Administrador
de empresas e consultor em Tecnologia da Informação
na área da Saúde
O
conceito CRM
Relacionar-se
com o cliente envolve processos e práticas que precisam ser ncorporadas
ao dia a dia dos hospitais
Em artigo
anterior (edição nº 40) discorri sobre os Sistemas
Integrados de Gestão Hospitalar (SIGH) e suas vantagens no tratamento
das in-formações relacionadas ao atendimento da clientela:
a coleta, o armazenamento, o compartilhamento e a disponibilização,
de forma on-line, das informações sobre o paciente, desde
seu registro até o momento de sua alta.
Os SIGH, também conhecidos como ERPs Hospitalares, acompanham as
tendências de mercado oferecendo o conceito de SIGH estendido, com
módulos complementares, dentre eles aquele conhecido por CRM, ou
Customer Relationship Management ou ainda Gerenciamento do Relacionamento
com o Cliente. Na maioria das vezes eles não vêm com esse
nome, mas sua função se presta a esse conceito de atendimento.

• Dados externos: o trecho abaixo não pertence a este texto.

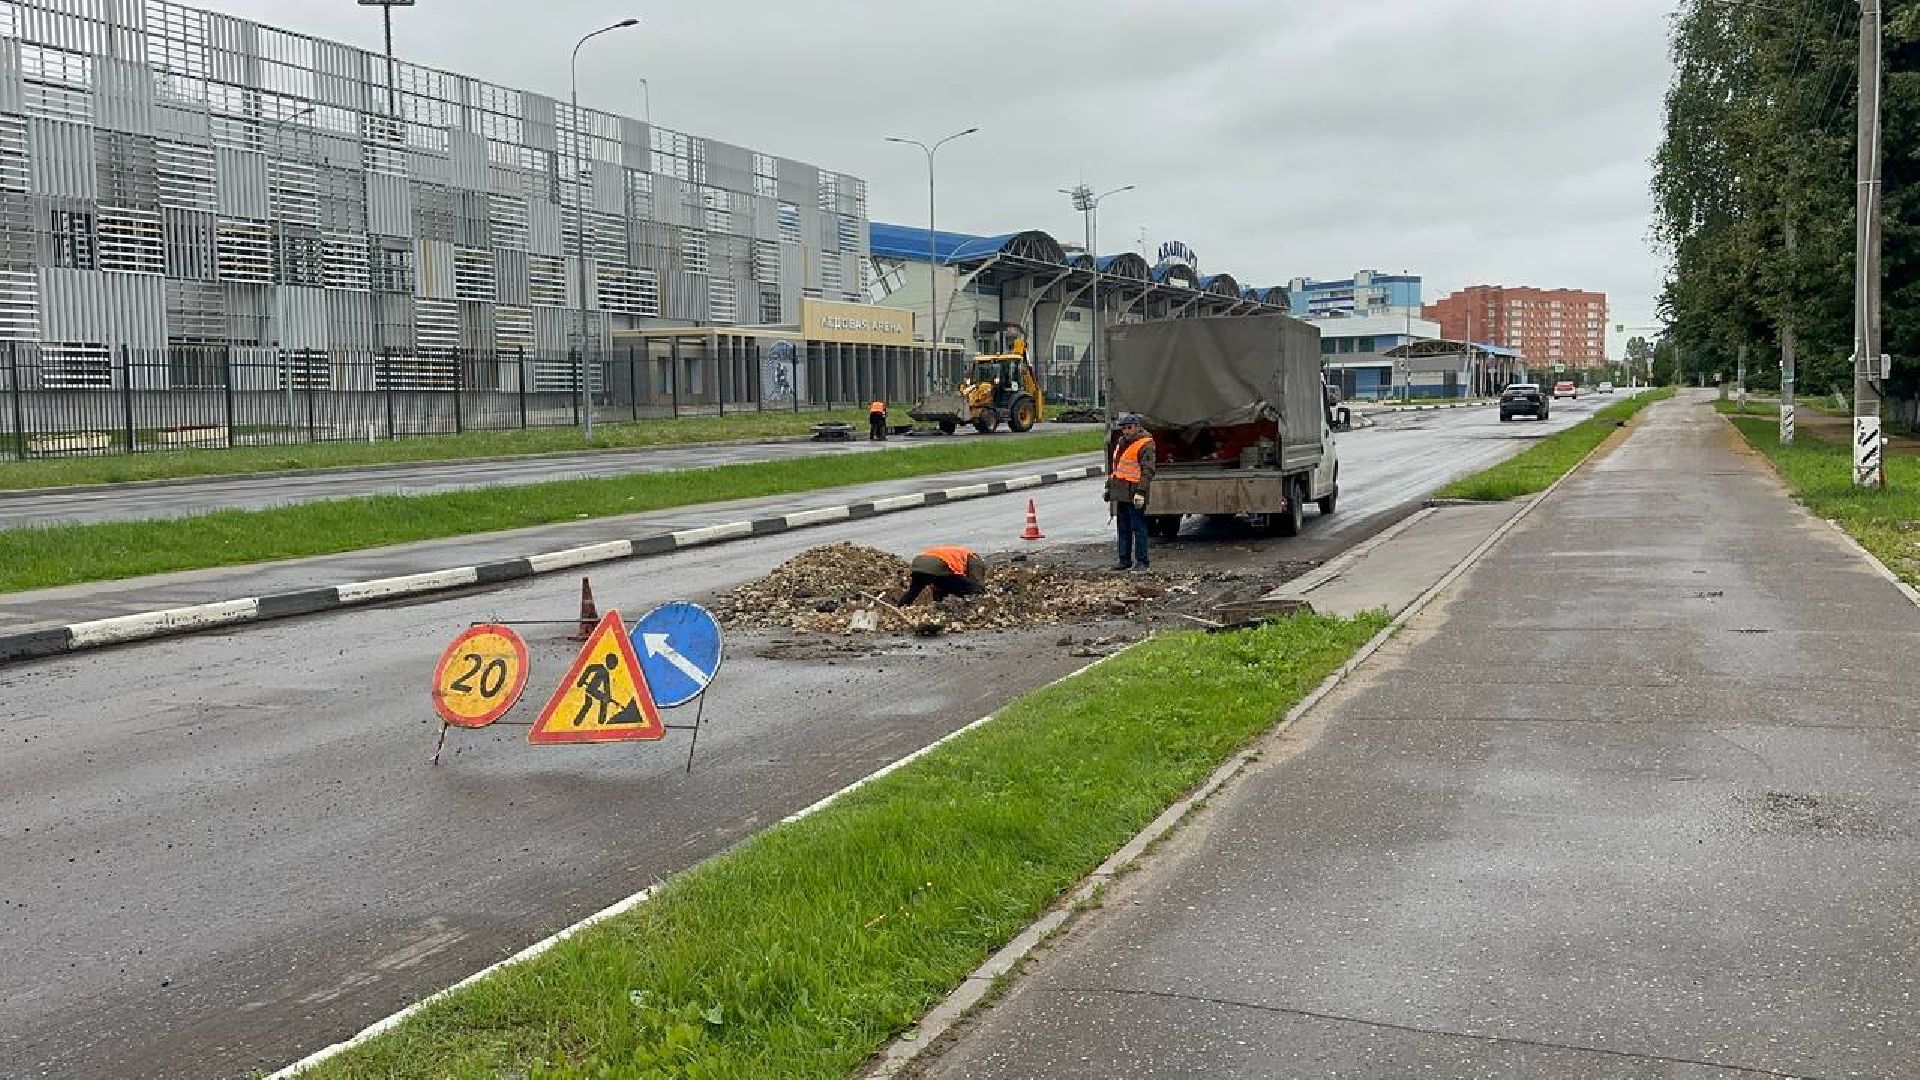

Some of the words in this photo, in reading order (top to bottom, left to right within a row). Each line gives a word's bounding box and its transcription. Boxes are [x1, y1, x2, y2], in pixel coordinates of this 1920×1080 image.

Você deve estar se perguntando se paciente é cliente. Não
importa como ele seja chamado dentro de sua instituição
hospitalar. Ele é cliente sim e deve ser tratado como tal.

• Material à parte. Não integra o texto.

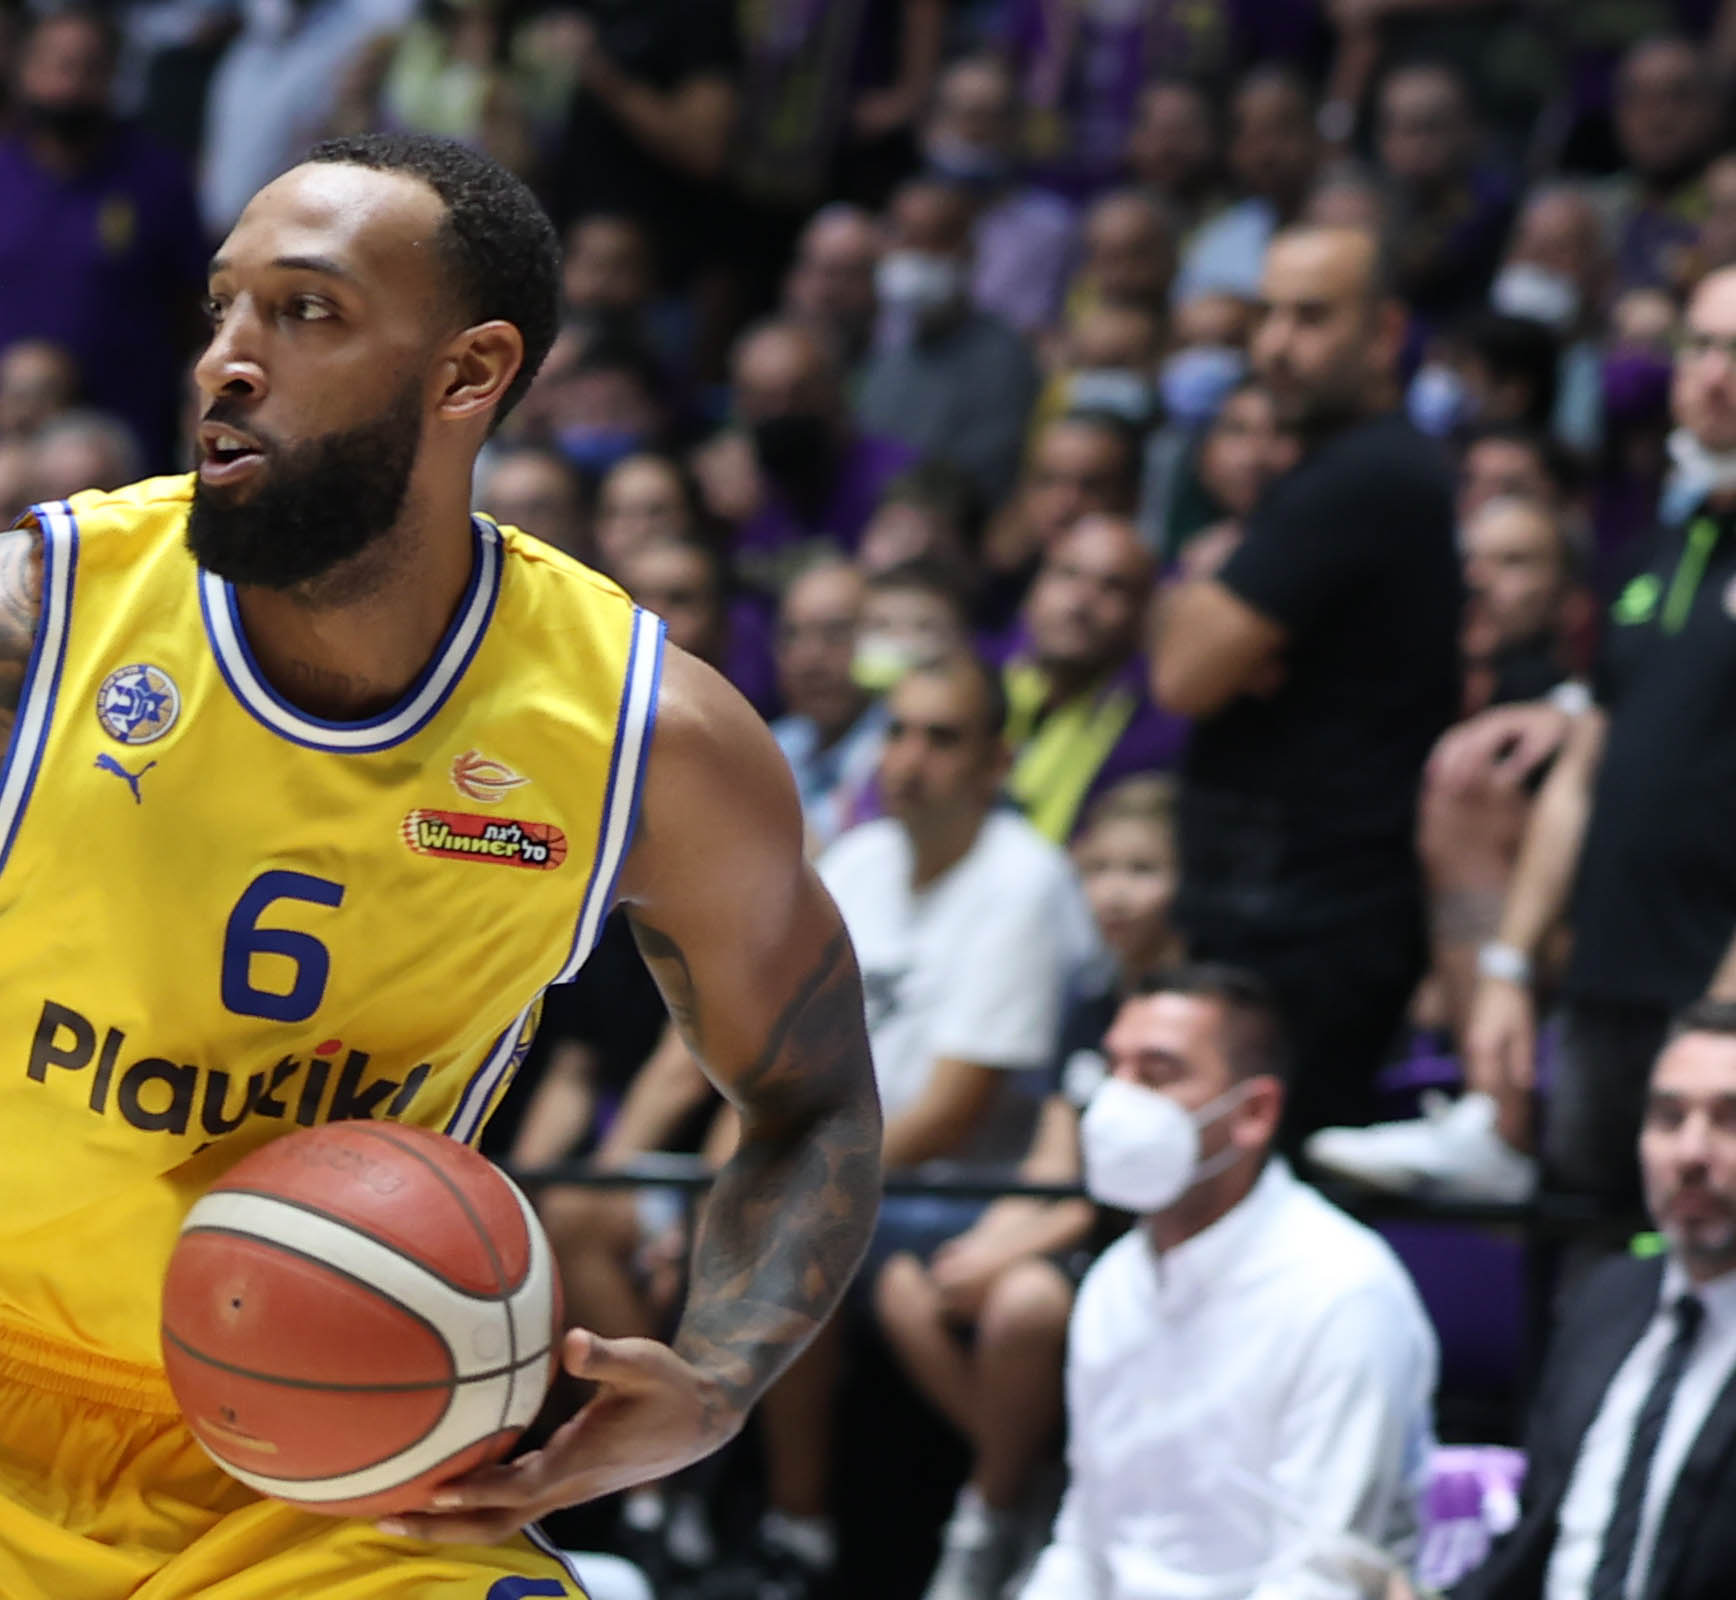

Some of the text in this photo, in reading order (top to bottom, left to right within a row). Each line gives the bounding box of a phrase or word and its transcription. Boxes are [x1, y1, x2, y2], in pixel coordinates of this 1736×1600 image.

A idéia é integrar todos os processos administrados pelo
Sistema de Gestão Hospitalar, orientando-os exclusivamente para
o bom atendimento da clientela, bem como para uma eficiente retaguarda
de gestão administrativa e econômica da instituição.
Outra idéia é a utilização do conceito de
CRM para gerir o relacionamento com os convênios e planos de assistência
médica em geral, que geram grande fluxo de clientela para a instituição
hospitalar. O CRM não é mais uma ferramenta tecnológica
e sim um modelo de gestão que envolve processos e práticas
que precisam ser incorporadas ao dia a dia das organizações
hospitalares. Existem diversos softwares no mercado que atendem perfeitamente
o conceito de CRM e que permitem reconhecer e tratar de forma diferenciada
cada cliente, como se ele fosse único, conseguindo aumentar sua
satisfação.
Entretanto, mais importante que os passos e cuidados para implementação
do CRM, o processo de conversão em uma empresa de serviços
médico-hospitalares realmente voltada para o marketing de relacionamento
passa pelo repensar das mais básicas filosofias de como fazer os
atendimentos, como superar posturas dos gerentes e dos funcionários
e, provavelmente, como reconstruir a cultura da instituição.
Há muito mais coisas envolvidas nesse processo do que simplesmente
a instalação de um software ou um website, a instalação
de um call center ou a automação dos processos de atendimento
aos pacientes. Significa ver todo o negócio a partir da perspectiva
do cliente.
De qualquer modo, para adotar o conceito de marketing de relacionamento
com o cliente são necessários alguns cuidados básicos
para aumentar as chances de sucesso:
•Estudo
prévio de toda a cadeia de atendimento direto ou indireto, inclusive
empresas terceirizadas. Muitas vezes, o marketing de relacionamento terá
que ser direcionado à satisfação do cliente que foi
ou será atendido por uma empresa terceirizada, como um laboratório,
por exemplo.
•Estudo
de todos os processos interdepartamentais que envolvam o atendimento direto
ou indireto do cliente.
•Estudo
da estrutura organizacional que irá dar suporte à implementação
e operação do conceito de marketing de relacionamento.
Quanto ao
restante, ter sempre em mente que a adoção de novas técnicas
de administração devem ser sempre precedidas de profundos
estudos que forneçam um mapa de onde se está e para aonde
se deseja chegar, tendo sempre em vista a melhoria do atendimento à
clientela, preservando o saudável equilíbrio econômico-financeiro
que toda instituição hospitalar deve ter.